Palumbo then when on to discuss the best way to judge if a piece of meat has properly eliminated all bacteria, is through an "instant meat thermometer."

As for already cooked meat, it is equally important to control the temperature of those as well.

"If it's a reasonable day, maybe below 80, you can keep cooked food out for about two hours. However, once it becomes hot and humid, that two hour window actually dramatically shrinks to one hour," she said.

Dave Hess, spokesman for DuPage County's Health Department, agreed. "If you have cooked food just sitting by the grill, eat it as soon as possible," he said.

Other important staples for the summer months include festivals, which also have to be careful in dealing with the food they serve to the public.
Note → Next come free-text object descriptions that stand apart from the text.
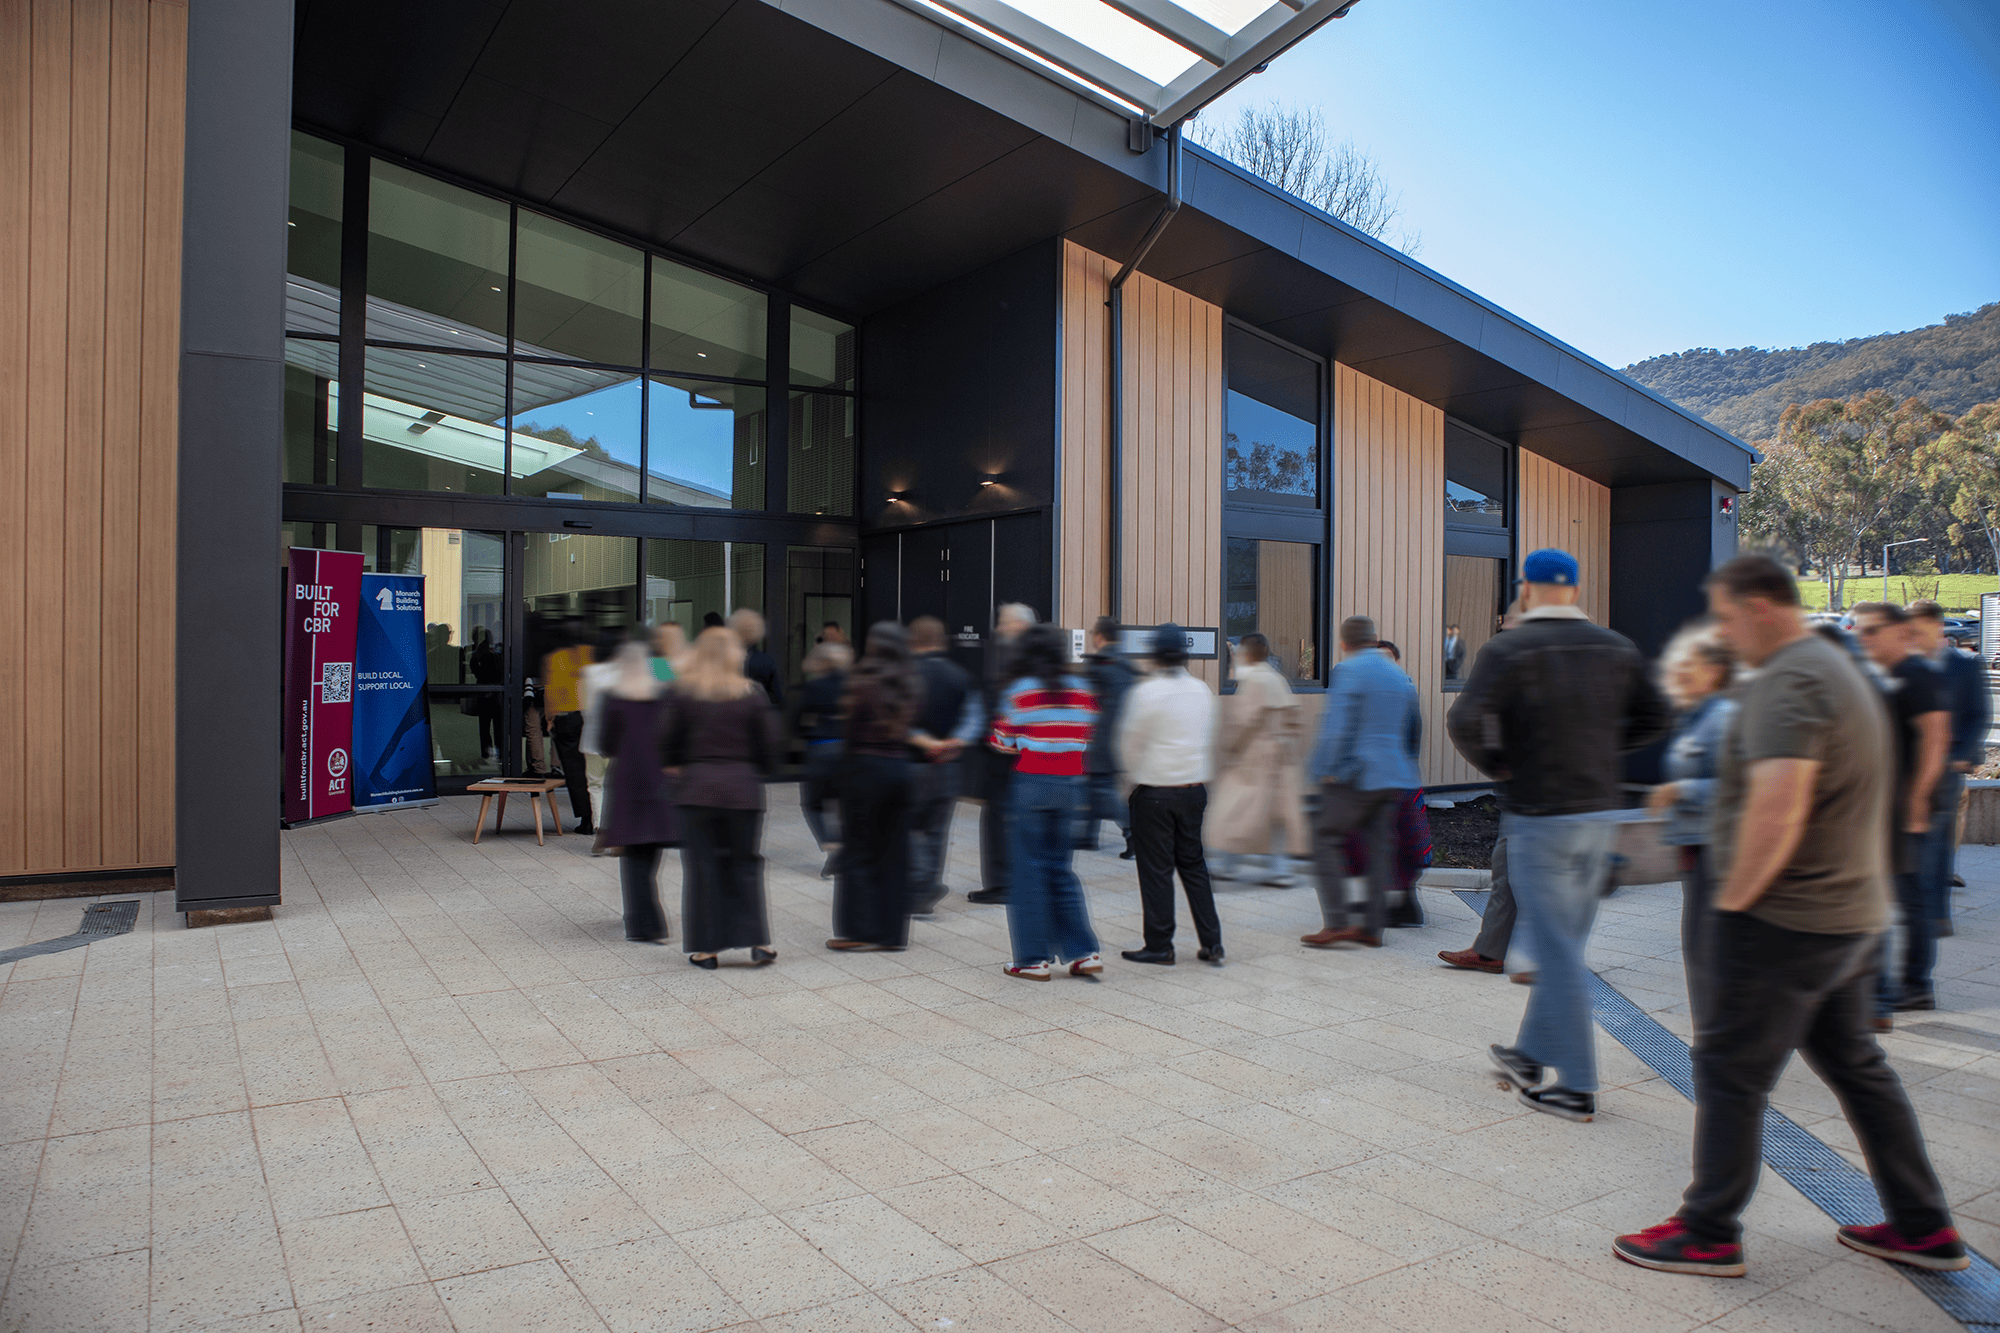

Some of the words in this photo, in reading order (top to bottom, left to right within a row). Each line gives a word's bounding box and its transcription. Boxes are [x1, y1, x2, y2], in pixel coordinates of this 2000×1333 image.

[295, 584, 333, 600] BUILT
[396, 597, 419, 605] Building
[313, 601, 339, 617] FOR
[304, 617, 331, 633] CBR
[379, 671, 403, 679] LOCAL.
[358, 682, 388, 690] SUPPORT
[390, 681, 414, 689] LOCAL.
[300, 700, 308, 800] builtforcbr.act.gov.au
[329, 778, 346, 790] ACT
Hess discussed the importance of festival supervision in this time period as well.

"From our perspective, summer adds to our focus a little bit because it's not just indoor facilities but everyone serving food outside too. And when you're cooking food in a remote setting or you don't have any access to a building, you definitely want to make sure the temperature of the food is maintained," Hess said.

But the temperature of the food is not the only factor in occurrences of foodborne illness opportunities. Palumbo tends to believe there is much more.

"A lot of it has to do with the mishandling of food once it leaves the grocery store, or outside of our refrigerators, there's cross-contamination that can occur when you marinate meat and use that marinade to baste meat after it's been cooked" Palumbo said.

Summer is clearly an important time for food safety, but overall just remember to watch the meat temperatures, and when food gets cooked outside, eat it quickly. I mean all health aside, who wants to stare at grilled food before eating it anyway?